AIM: The purpose of this study was to determine the incidence of colorectal cancer (CRC) in the Northern Cape province of South Africa, and to identify patients with histological and demographic features suggestive of hereditary non-polyposis colon cancer (HNPCC).
METHOD: This is a retrospective review of all cases of primary adenocarcinoma of the colon or rectum diagnosed by the two pathology laboratories operating in the Northern Cape between January 2002 and February 2009. Demographic data were collected, as well as pathological staging of the tumours and histological features suggestive of HNPCC (according to the revised Bethesda guidelines for microsatellite instability testing). Population census data for the Northern Cape were obtained from Statistics South Africa.

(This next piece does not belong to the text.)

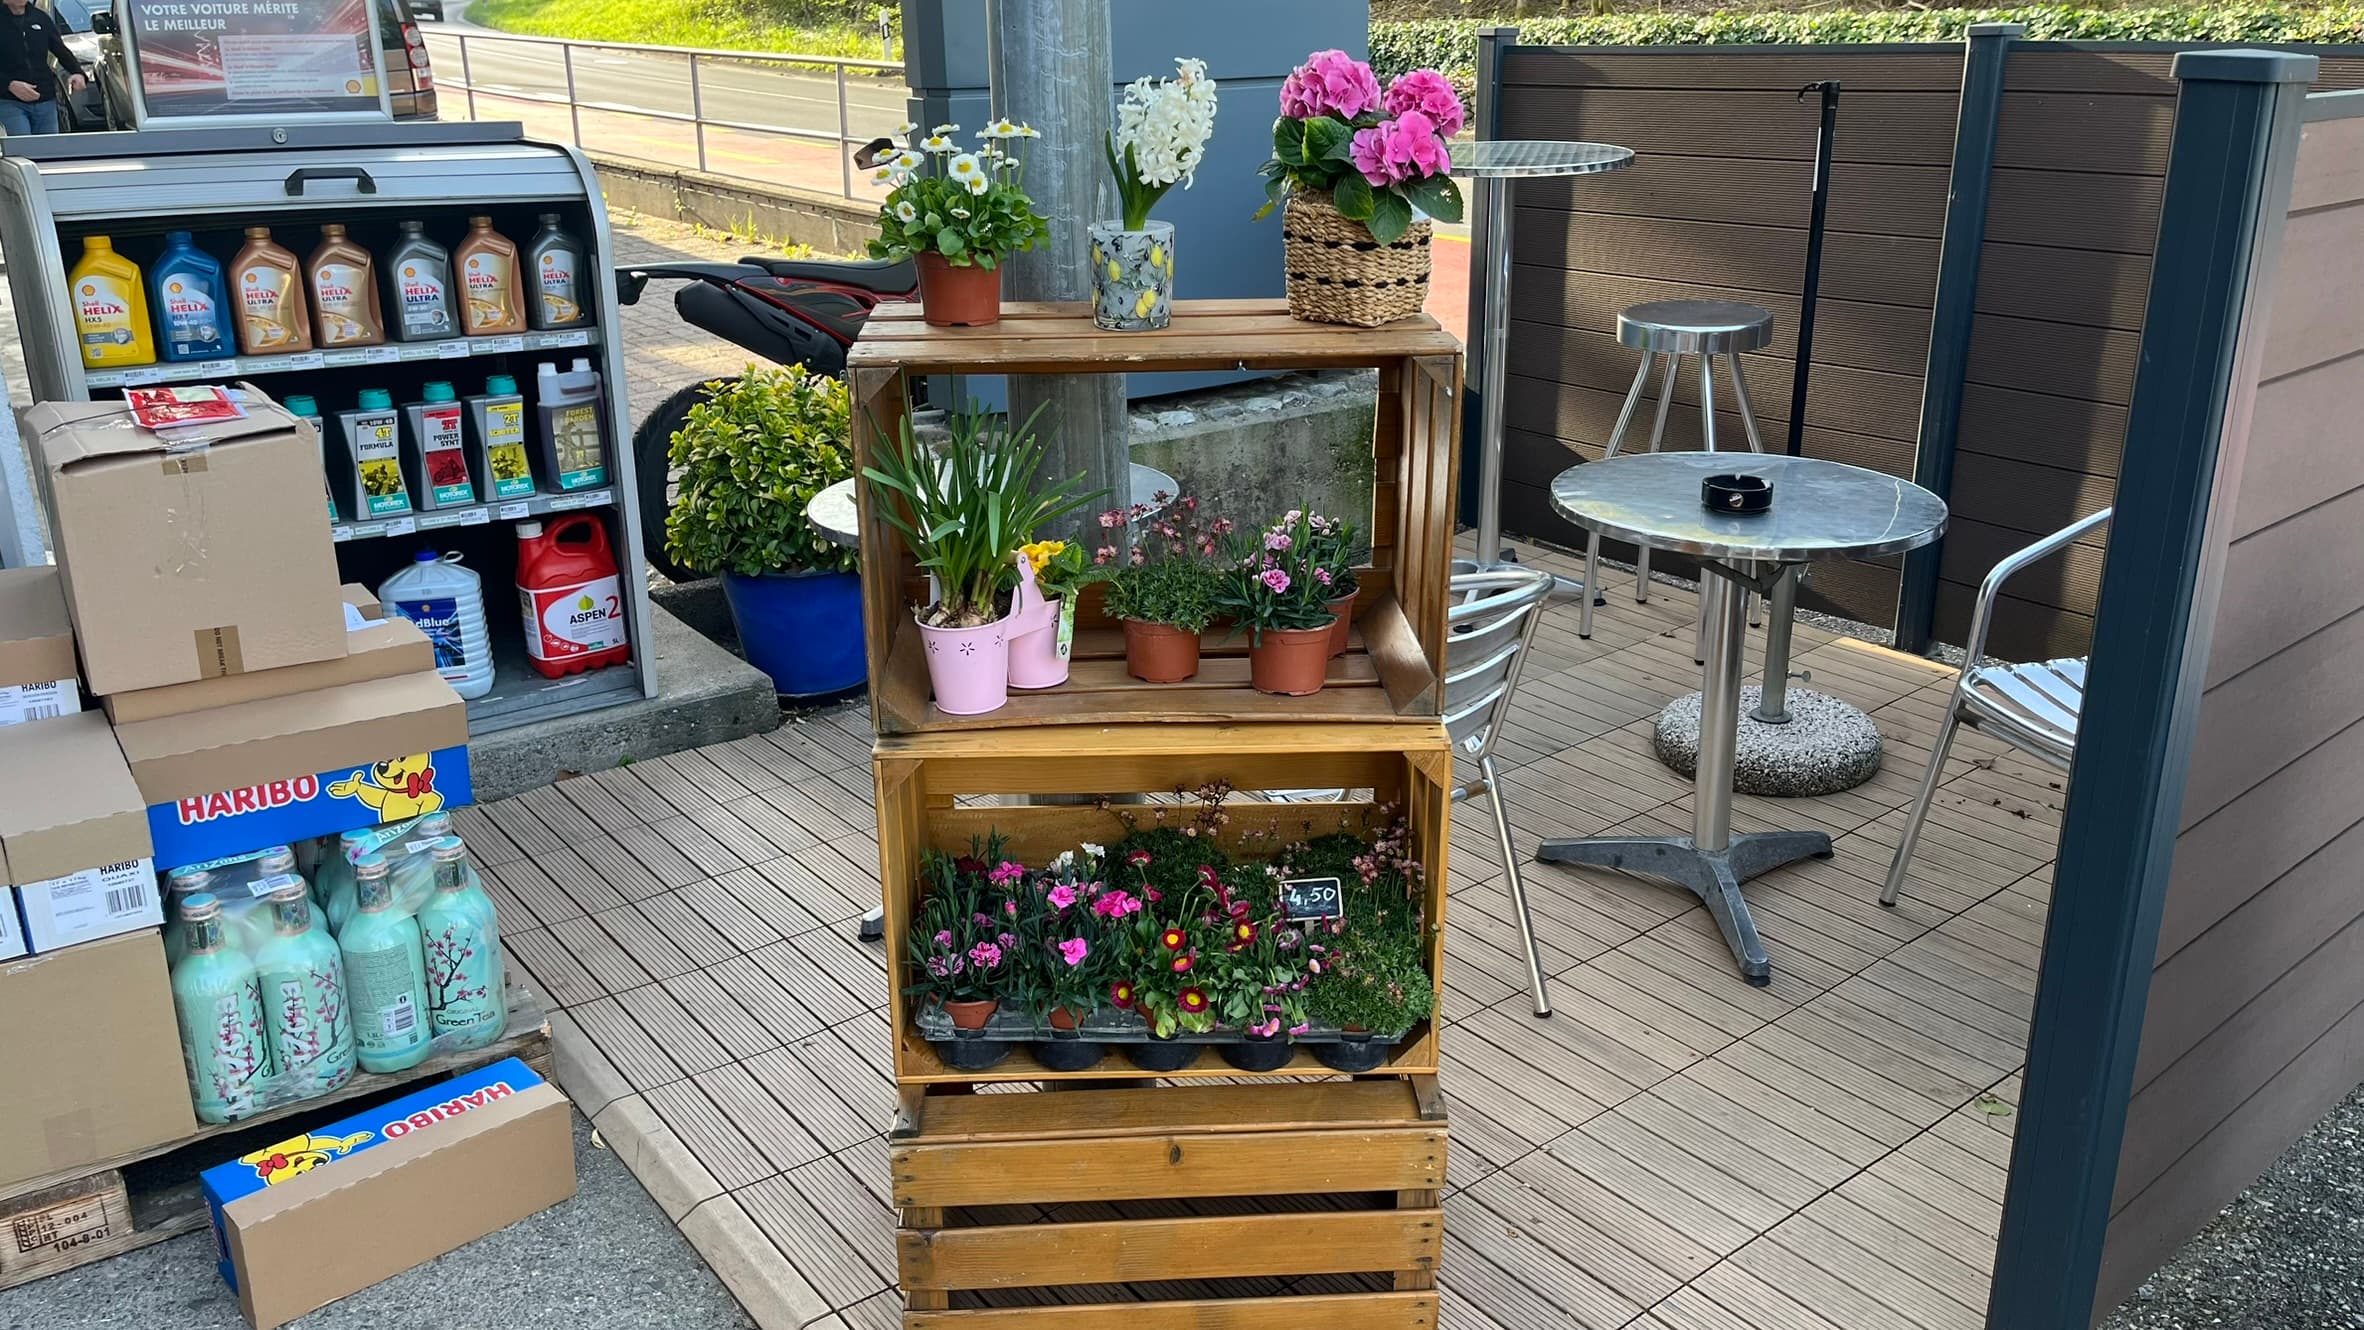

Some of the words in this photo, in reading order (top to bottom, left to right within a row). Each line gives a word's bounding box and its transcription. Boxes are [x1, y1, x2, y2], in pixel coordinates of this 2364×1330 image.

RESULTS: The annual incidence of CRC in the Northern Cape was 3.7/100 000 population (3.5/100 000 for men and 3.9/100 000 for women). The median age at which colorectal cancer was diagnosed was 59 years (range 16 - 90 years). On pathological and demographic criteria, 75/206 (36%) of the patients met at least one of the criteria of the revised Bethesda guidelines for microsatellite instability testing.

CONCLUSION: CRC is rare in the Northern Cape, and one-third of the patients had demographic or tumour histological features suggestive of HNPCC.